Thanks to Nate's recent meme I see this entry from the 1911 Encyclopedia Brittanica which describes the Academy's descent into skepticism, from Socrates' former position "I know that I know nothing" to Arcesilaus taking the position that he did not even know that he knows nothing.
The article references the Stoics taking the position that certainty can come through "the Stoical theory of perception, the φαντασία καταληπτική, by which they expressed a conviction of certainty arising from impressions so strong as to amount to science," and then references Carneades (who Nikolsky says was probably the source for why Laertius erroneously thought the kinetic/katastematic distinction was significant to Epicurus)
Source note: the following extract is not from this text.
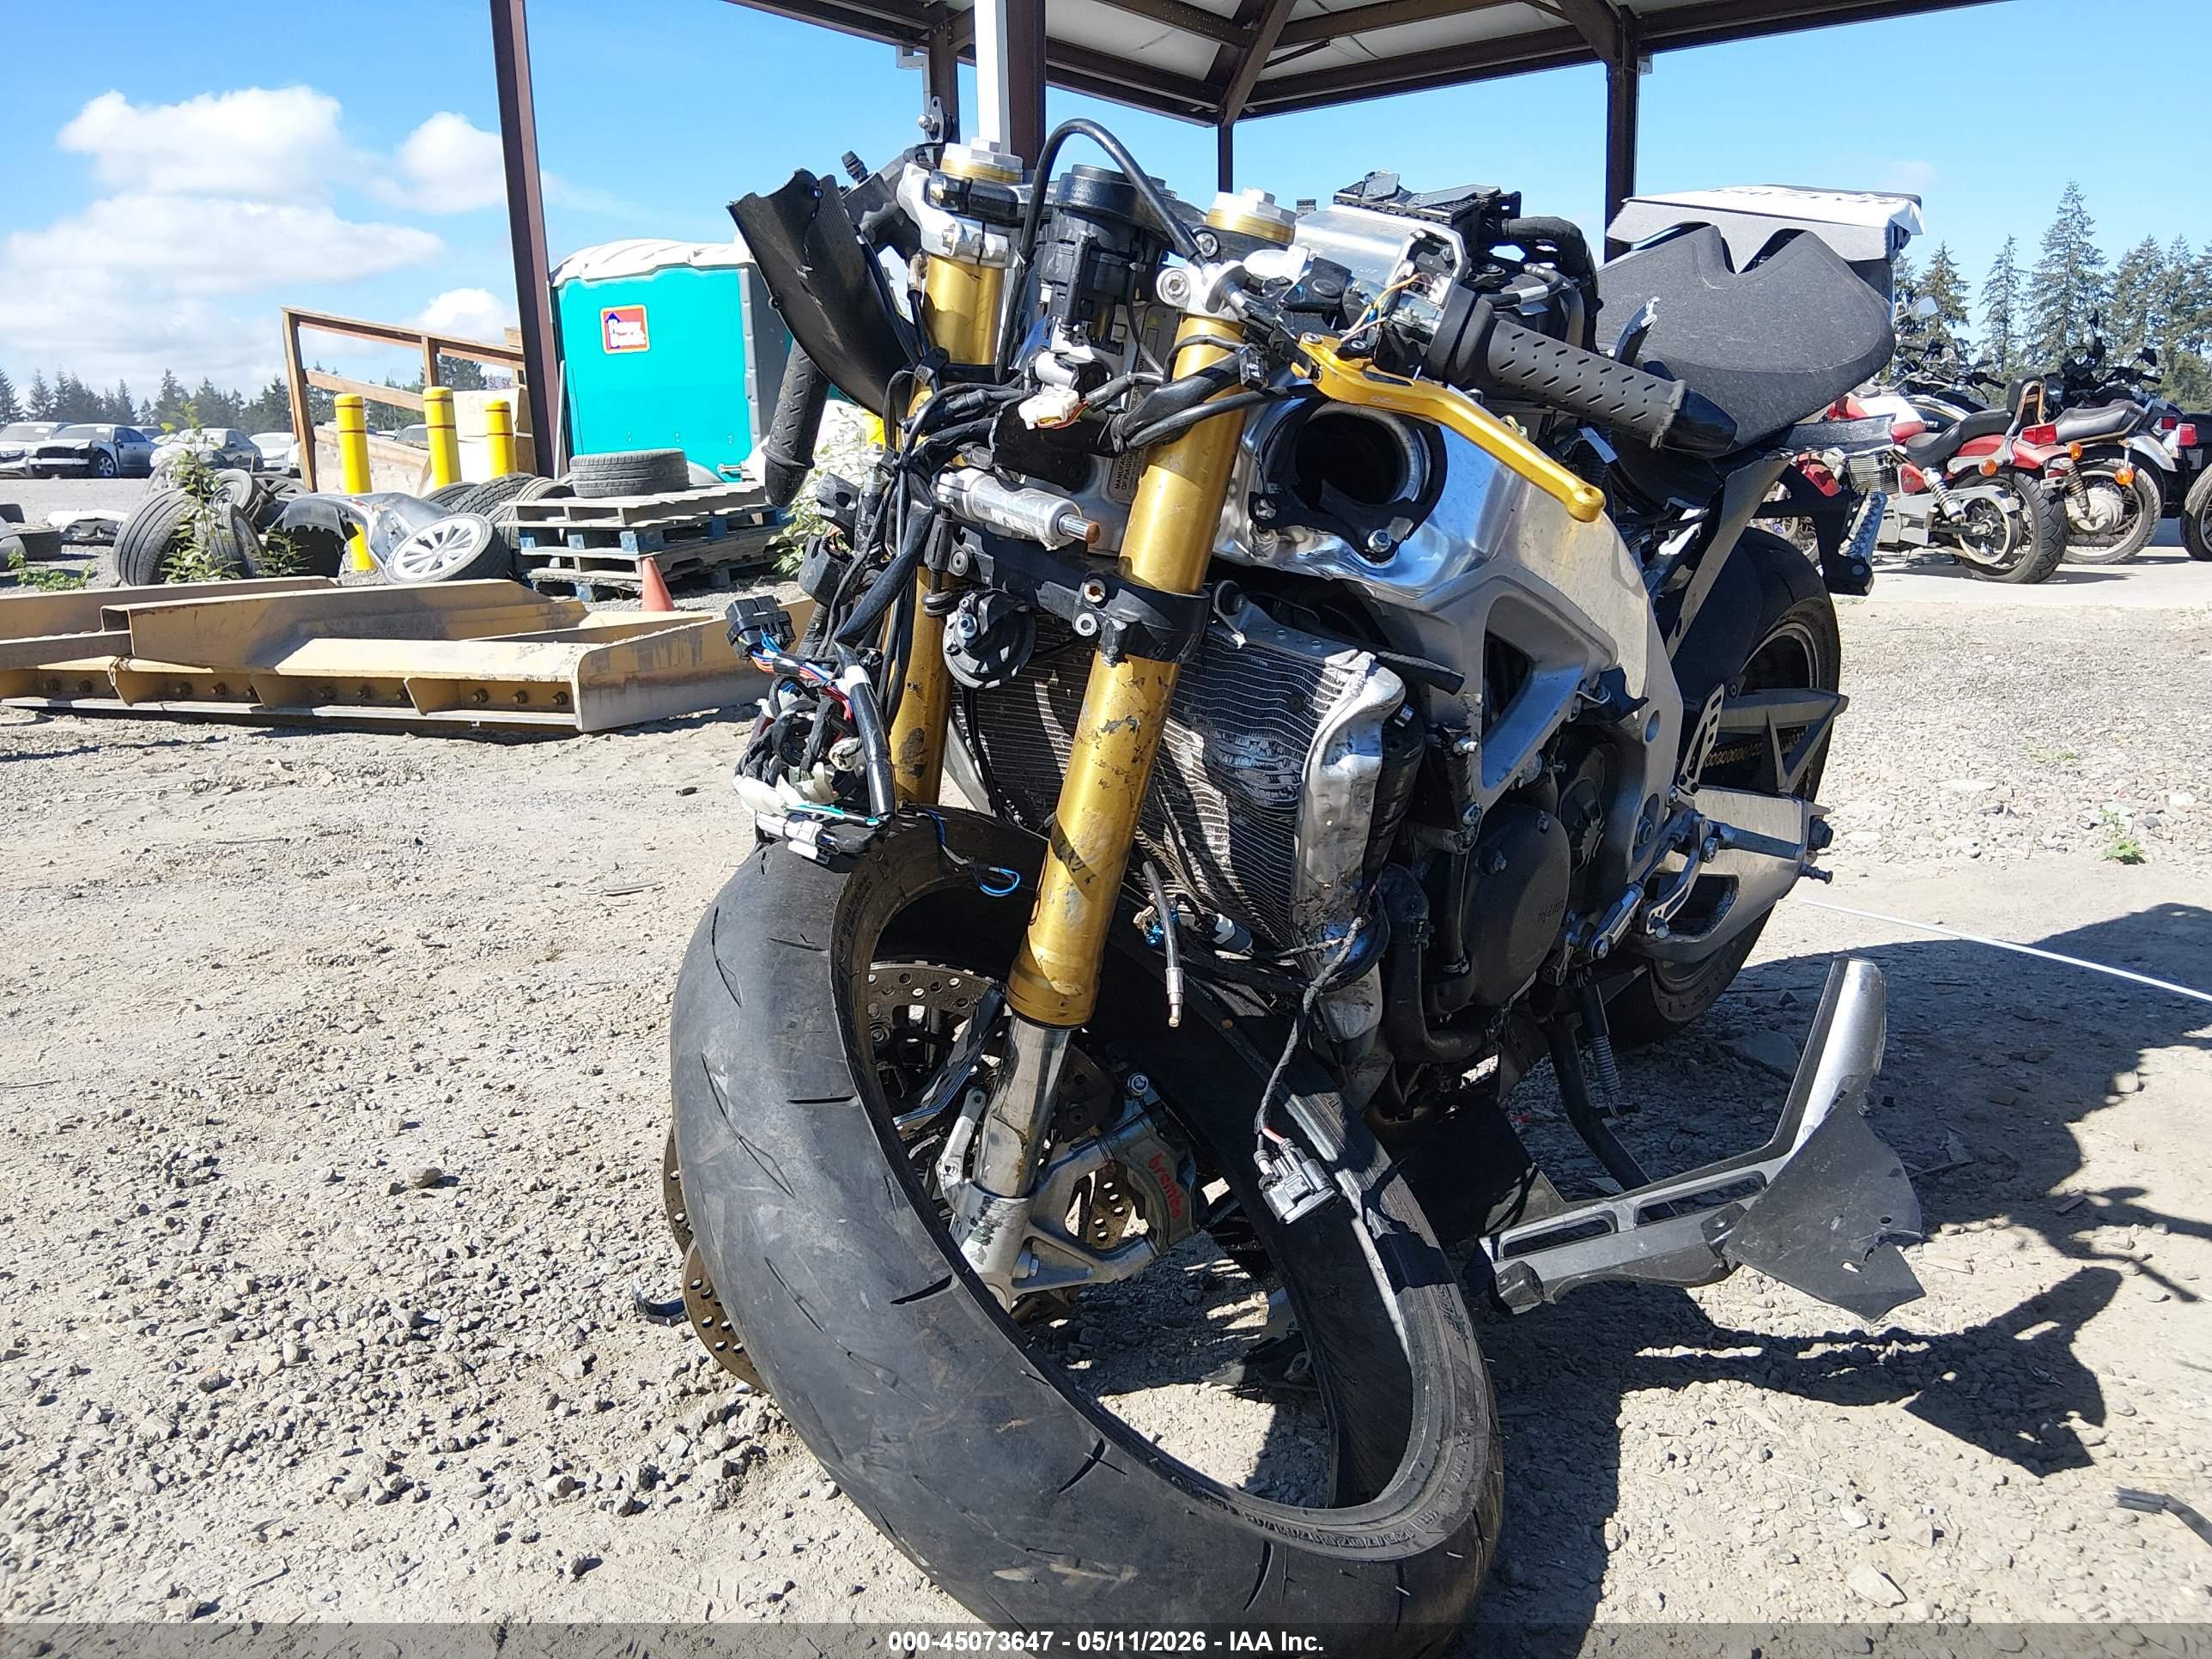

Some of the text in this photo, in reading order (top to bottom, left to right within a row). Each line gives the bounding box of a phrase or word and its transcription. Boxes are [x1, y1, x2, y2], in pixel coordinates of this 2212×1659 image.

take the Academy into "the doctrine of acatalepsia, which denied any necessary correspondence between perceptions and the objects perceived. He saved himself, however, from absolute scepticism by the doctrine of probability or verisimilitude, which may serve as a practical guide in life. Thus his criterion of imagination (φαντασία) is that it must be credible, irrefutable and attested by comparison with other impressions; it may be wrong, but for the person concerned it is valid. In ethics he was an avowed sceptic. During his official visit to Rome, he gave public lectures, in which he successively proved and disproved with equal ease the existence of justice."
This is a very useful quick but authoritative statement on these issues for which we frequently need reference - thanks Nate!